Clay, parchment, papyrus, paper
In 1849 during the excavation works in the ancient Assyrian capital of Nineveh British archaeologist Austen Henry Layard discovered a library of cuneiform tablets compiled under the rule of king Ashurbanipal in the VII century B.C. It was the greatest of ancient libraries. Tablets made of terracotta survived thousands of years without any damage and even the fire only made them harder without damaging the writing. The importance of that discovery is hard to overestimate – by deciphering the cuneiform the scientists discovered the culture of Mesopotamian civilization.
But clay wasn’t the only material – already in the Mesopotamian kingdom and Ancient Egypt people used parchment and papyrus to write texts, later paper was added. Such materials could store records of dozens or hundred years, but were sensitive to water and fire. The Alexandrian Library disappeared in the fire thus becoming a sad example of fragility of knowledge.

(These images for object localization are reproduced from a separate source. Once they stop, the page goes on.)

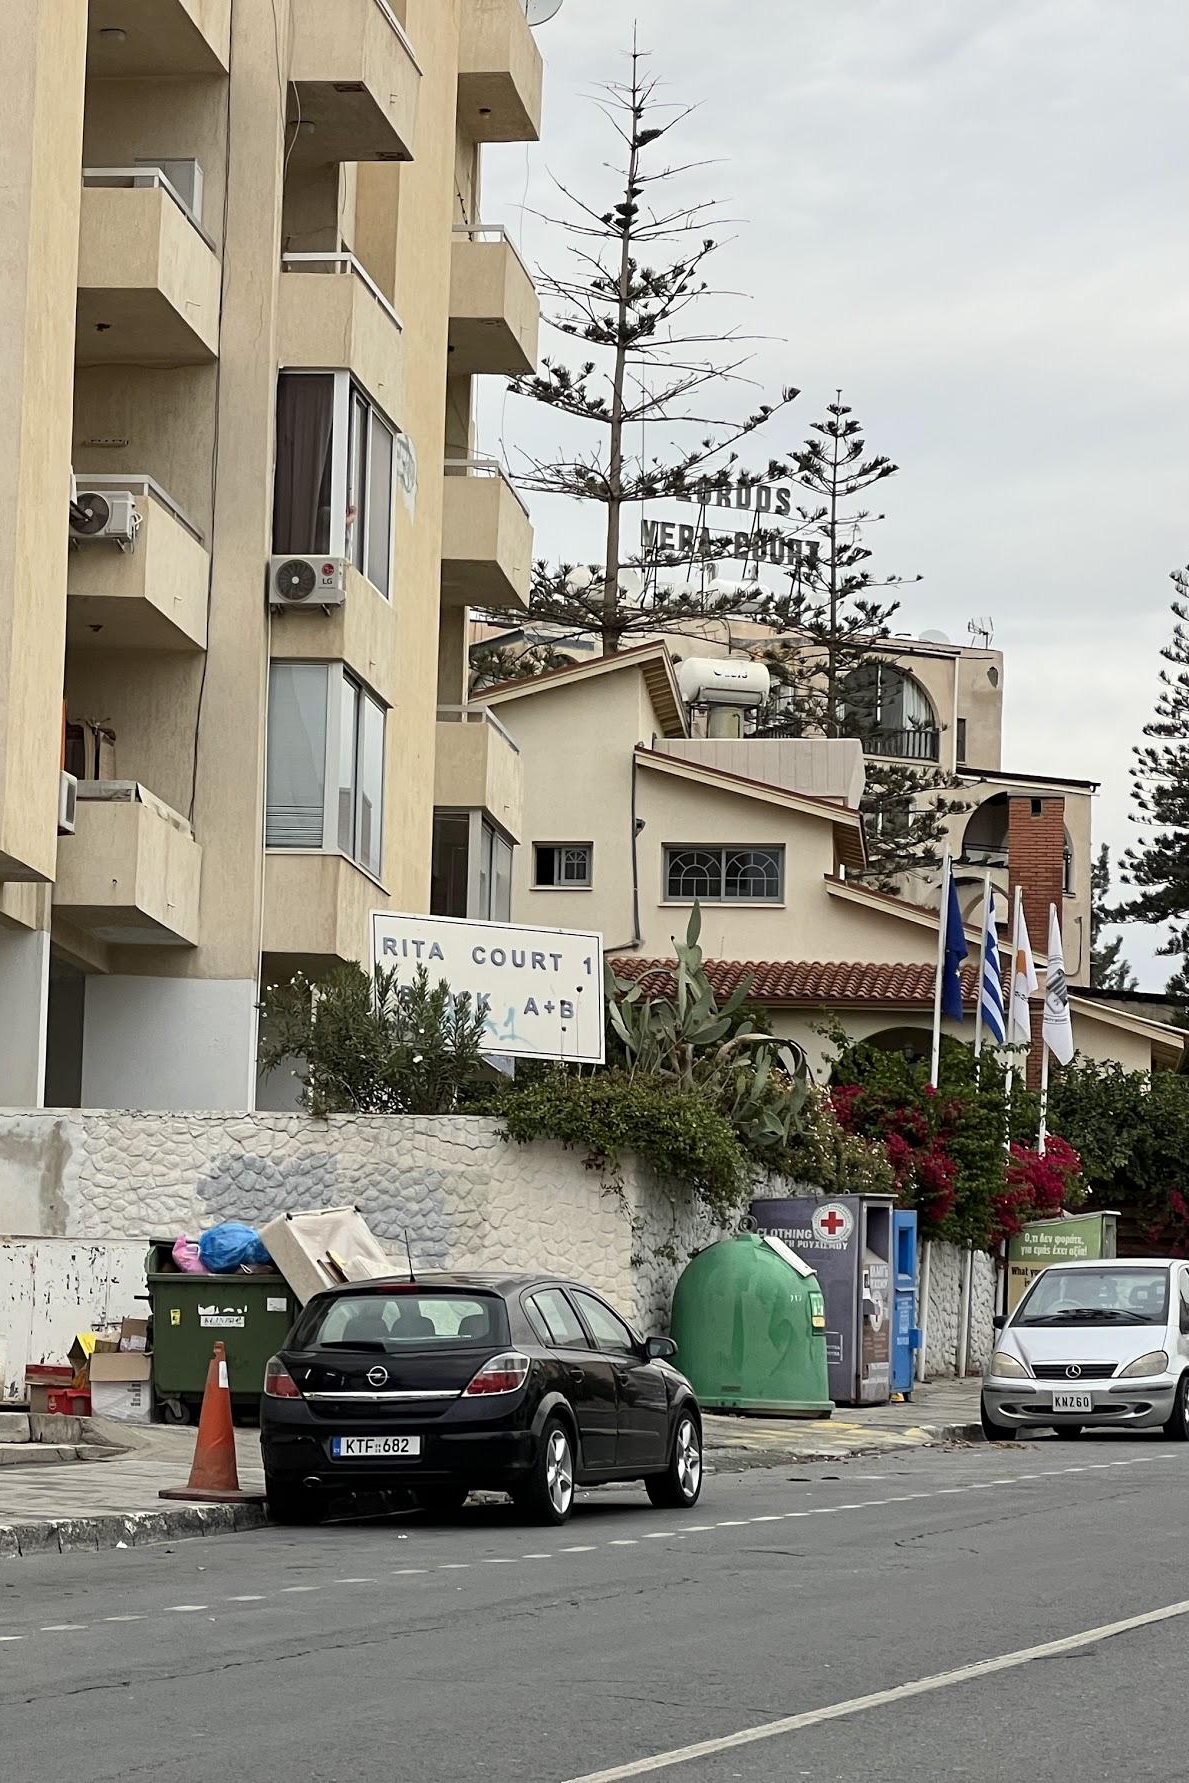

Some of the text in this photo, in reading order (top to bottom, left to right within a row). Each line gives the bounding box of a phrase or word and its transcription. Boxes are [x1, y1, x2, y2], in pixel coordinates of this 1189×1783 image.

[382, 936, 592, 975] RITA COURT 1
[523, 997, 574, 1019] A+B
[757, 1228, 812, 1239] CLOTHING
[346, 1439, 375, 1454] KTF
[383, 1438, 409, 1453] 682
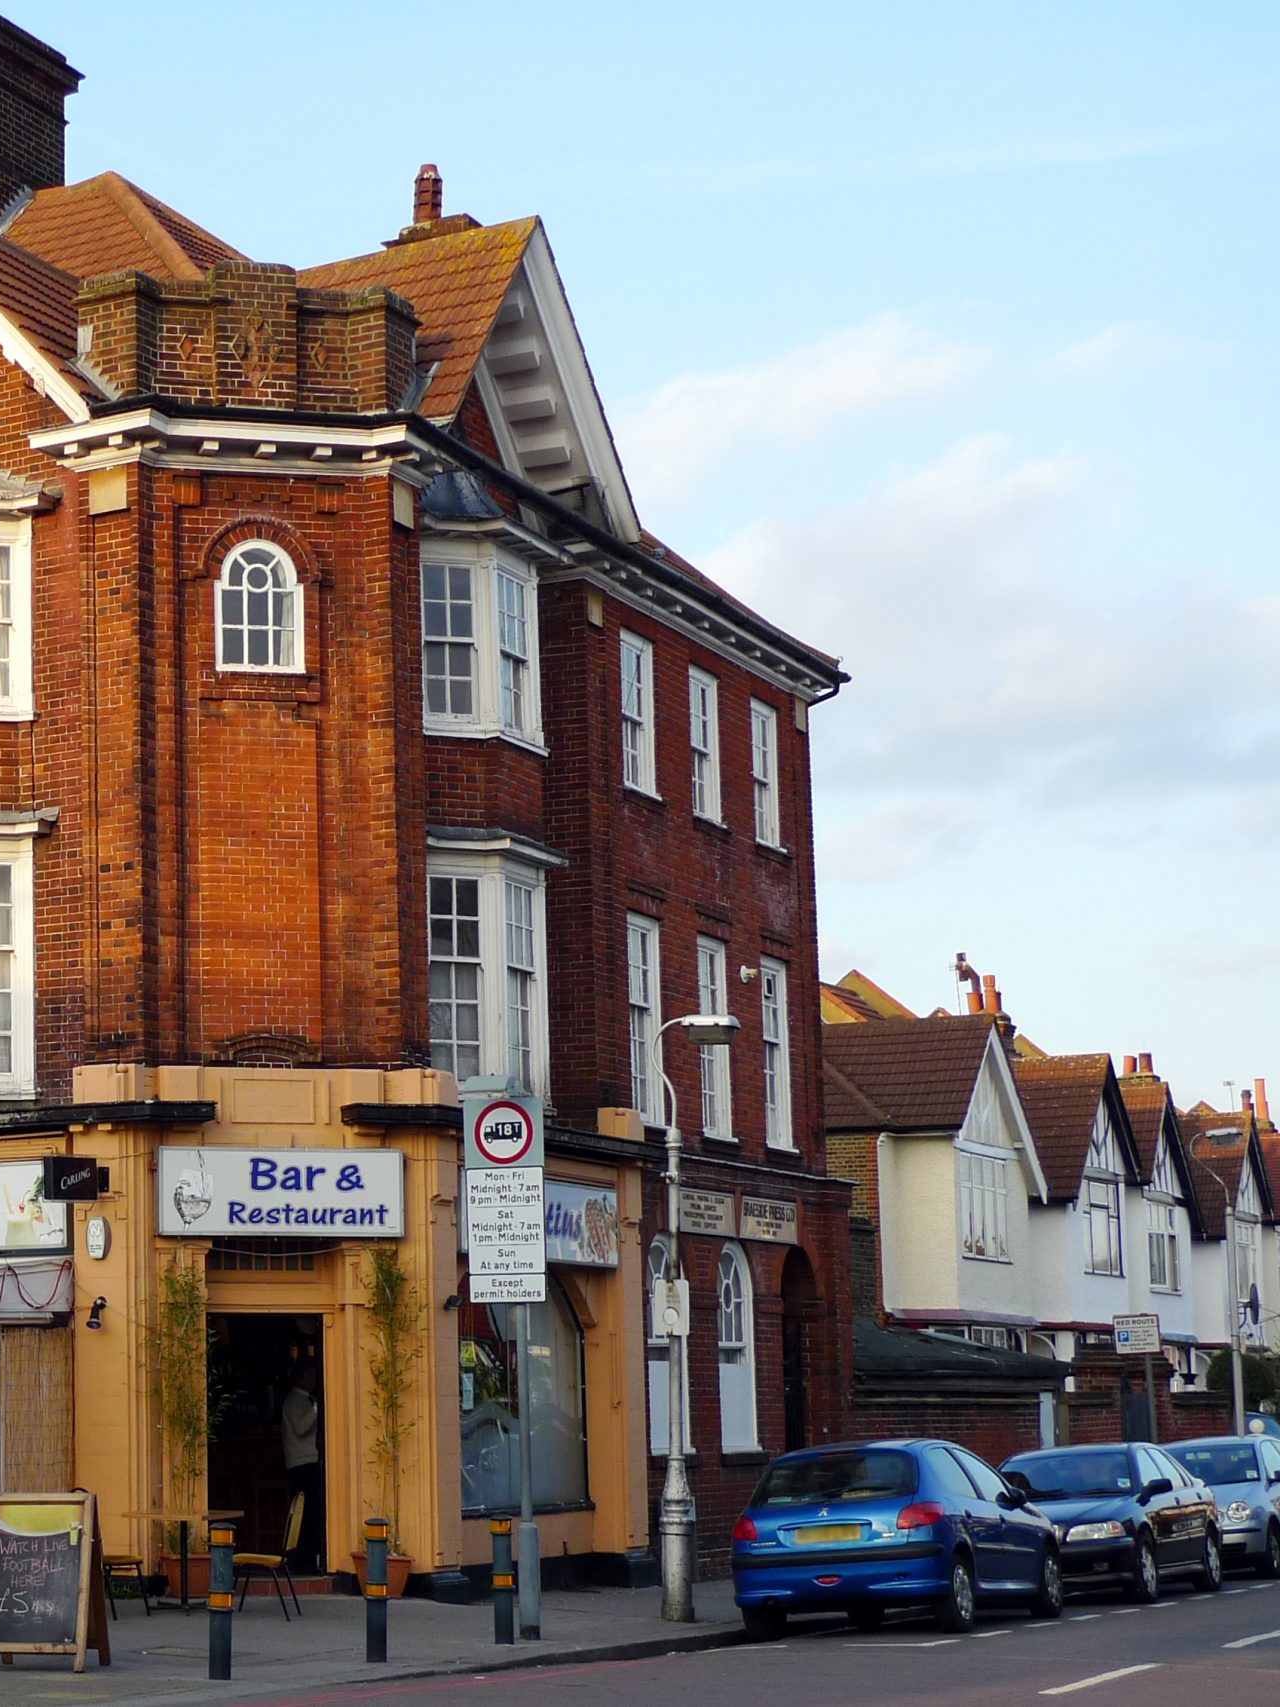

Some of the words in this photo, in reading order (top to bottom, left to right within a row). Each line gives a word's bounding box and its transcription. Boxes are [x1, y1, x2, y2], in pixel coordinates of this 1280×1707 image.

By late Middle Ages the need for material for making records and printing texts moved paper to the forefront. By early XX century industrial technologies made it a lot more inexpensive, but at the same time sharply accelerated the speed of its aging. My types of modern paper degrade in a matter of several decades.
Digital media
In the computer age, digital media gained in capacity by billions of times in the course of a few decades. A smartphone’s memory could hold a library of dozens of thousands of books. The speed of data recording and reading grows as fast. Short life cycle of such media remains the Achilles heel of digital technologies. Even the most reliable popular types of digital memory age fast and are still inferior to paper in terms of the guaranteed term of data storage.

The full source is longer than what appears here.